# Genetic Algorithm Example


We start with a generic set of letters like our gene set and a target "target", in this case a sentence:

They could also be characters among other data types. 

Example:

In [1]:
geneSet = " abcdefghijklmnopqrstuvwxyzABCDEFGHIJKLMNOPQRSTUVWXYZ!."
target = "hello world!"

## Generating a "guess"

Next, we need a way to generate a random string of letters from the gene pool.

In [2]:
import random

def generate_parent(length):
    genes = []
    while len(genes) < length:
        sampleSize = min(length - len(genes), len(geneSet))
        genes.extend(random.sample(geneSet, sampleSize))
    return ''.join(genes)

random.sample takes sampleSize values ​​from input without replacement. This means that there will be no duplicates in the generated parent unless the geneSet contains duplicates or the size is greater than len (geneSet). The above implementation allows us to generate a long string with a small set of genes, using as many unique genes as possible.

## Fitness

The fit or fit value that the genetic algorithm provides is the only feedback the engine gets to guide it toward
to a solution. In this problem, our fit value is the total number of letters in the guess that match the letter.
in the same position as the password.

In [3]:
def get_fitness(guess):
    return sum(1 for expected, actual in zip(target, guess)
               if expected == actual)

## Mutação

We also need a way to produce a new guess by changing the current one. The following implementation converts the parent string into an array with list (parent), then replaces 1 letter in the randomly selected array of geneSet, then recombines the result into a string with '' .join (genes).

In [4]:
def mutate(parent):
    index = random.randrange(0, len(parent))
    childGenes = list(parent)
    newGene, alternate = random.sample(geneSet, 2)
    childGenes[index] = alternate \
        if newGene == childGenes[index] \
        else newGene
    return ''.join(childGenes)

This implementation uses an alternate substitution if the randomly selected newGene is the same as the one it is supposed to replace, which can save a significant amount of overhead.

## Display

Next, it's important to monitor what's happening so that we can stop the mechanism if it gets stuck. It also allows us to learn what works and what doesn't so we can improve the algorithm.

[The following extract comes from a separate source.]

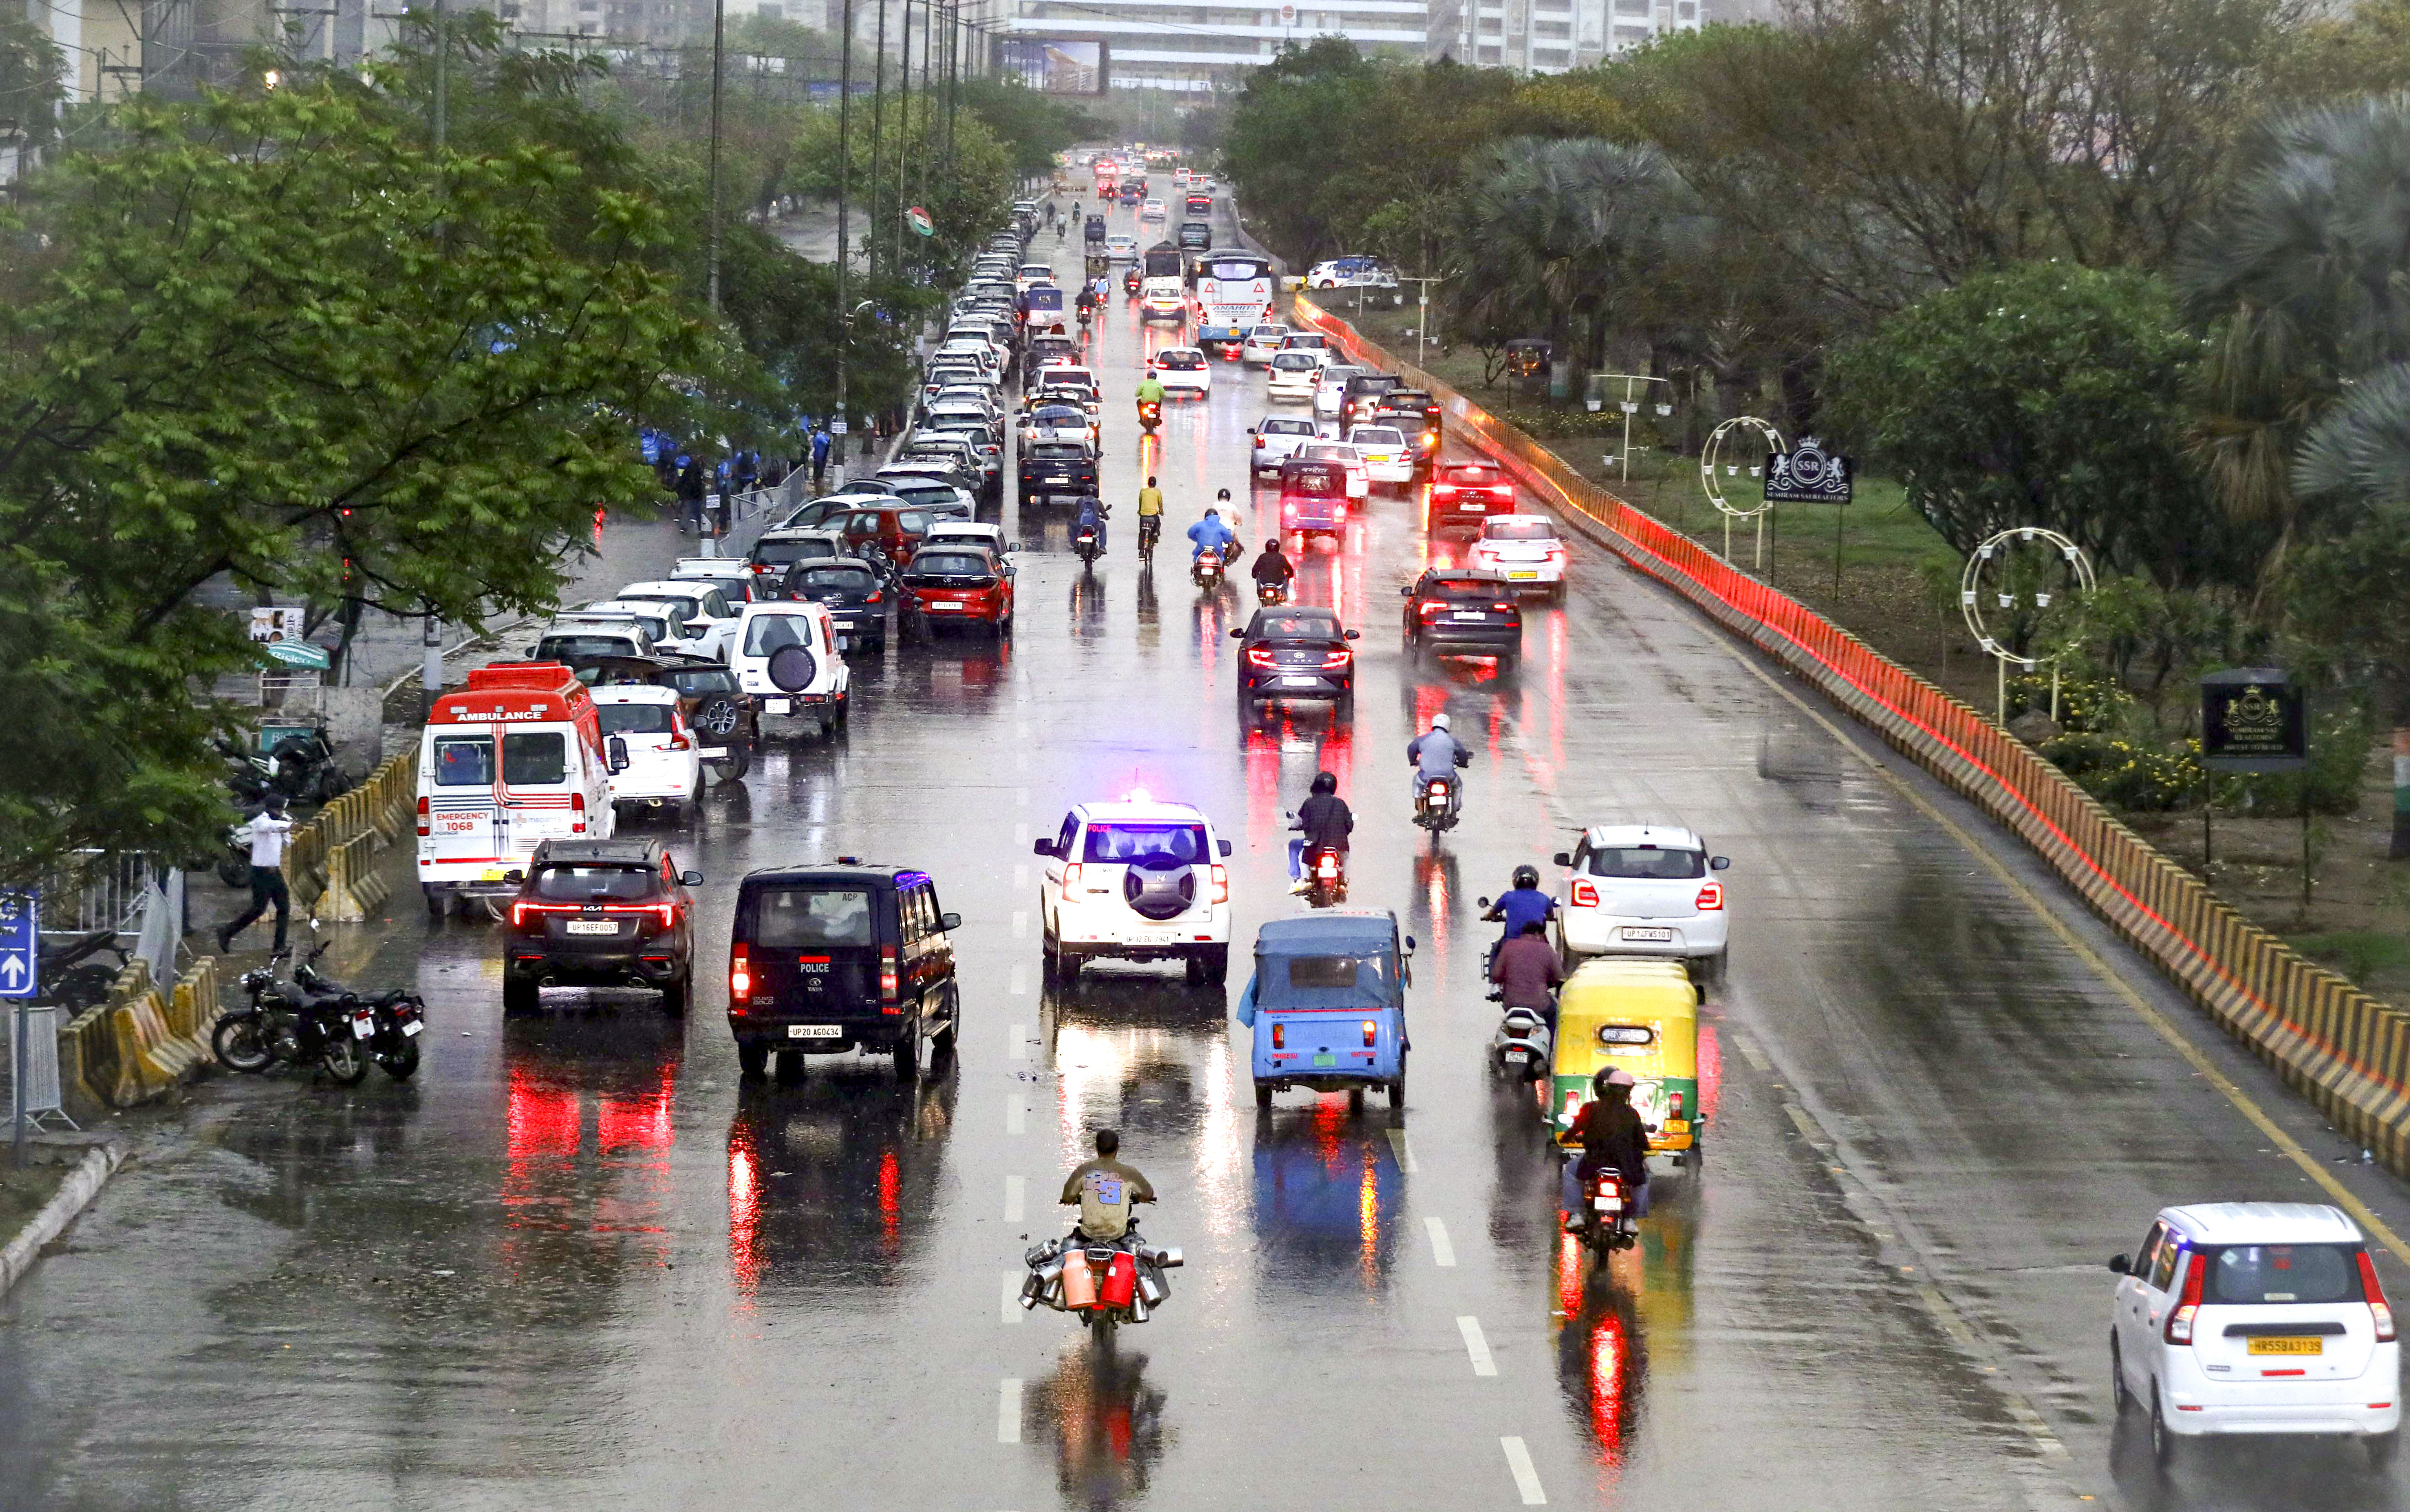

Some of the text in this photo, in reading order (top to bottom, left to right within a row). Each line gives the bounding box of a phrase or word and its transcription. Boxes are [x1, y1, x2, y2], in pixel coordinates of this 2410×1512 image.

We will display a visual representation of the gene sequence, which may not be the literal gene sequence, its fit value and how much time has passed.

In [5]:
import datetime

def display(guess):
    timeDiff = datetime.datetime.now() - startTime
    fitness = get_fitness(guess)
    print("{0}\t{1}\t{2}".format(guess, fitness, str(timeDiff)))

## Main

We are now ready to write the main program. We start by initializing bestParent with a random string of letters.

In [6]:
random.seed()
startTime = datetime.datetime.now()
bestParent = generate_parent(len(target))
bestFitness = get_fitness(bestParent)
display(bestParent)

tmqOLZaKIxDX	0	0:00:00.000371


So we add the heart of the genetic engine. It's a loop that generates a guess, requests the fit for that guess, compares it to the previous guess, and keeps the best of the two. This cycle repeats until all letters match those on the target.

In [7]:
i = 0
while True:
    i=i+1
    child = mutate(bestParent)
    childFitness = get_fitness(child)

    if bestFitness >= childFitness:
        continue
    display(child)
    if childFitness >= len(bestParent):
        break
    bestFitness = childFitness
    bestParent = child
print(i)

tmlOLZaKIxDX	1	0:00:00.048376
telOLZaKIxDX	2	0:00:00.050302
telOoZaKIxDX	3	0:00:00.052209
telOoZaoIxDX	4	0:00:00.053953
telOoZaoIxdX	5	0:00:00.054824
telOo aoIxdX	6	0:00:00.055439
telOo aorxdX	7	0:00:00.056962
helOo aorxdX	8	0:00:00.060577
helOo aorldX	9	0:00:00.061980
hello aorldX	10	0:00:00.063702
hello aorld!	11	0:00:00.081150
hello world!	12	0:00:00.113938
2714


Success! Congratulations, you've just built your first Genetic Algorithm (GA) in Python!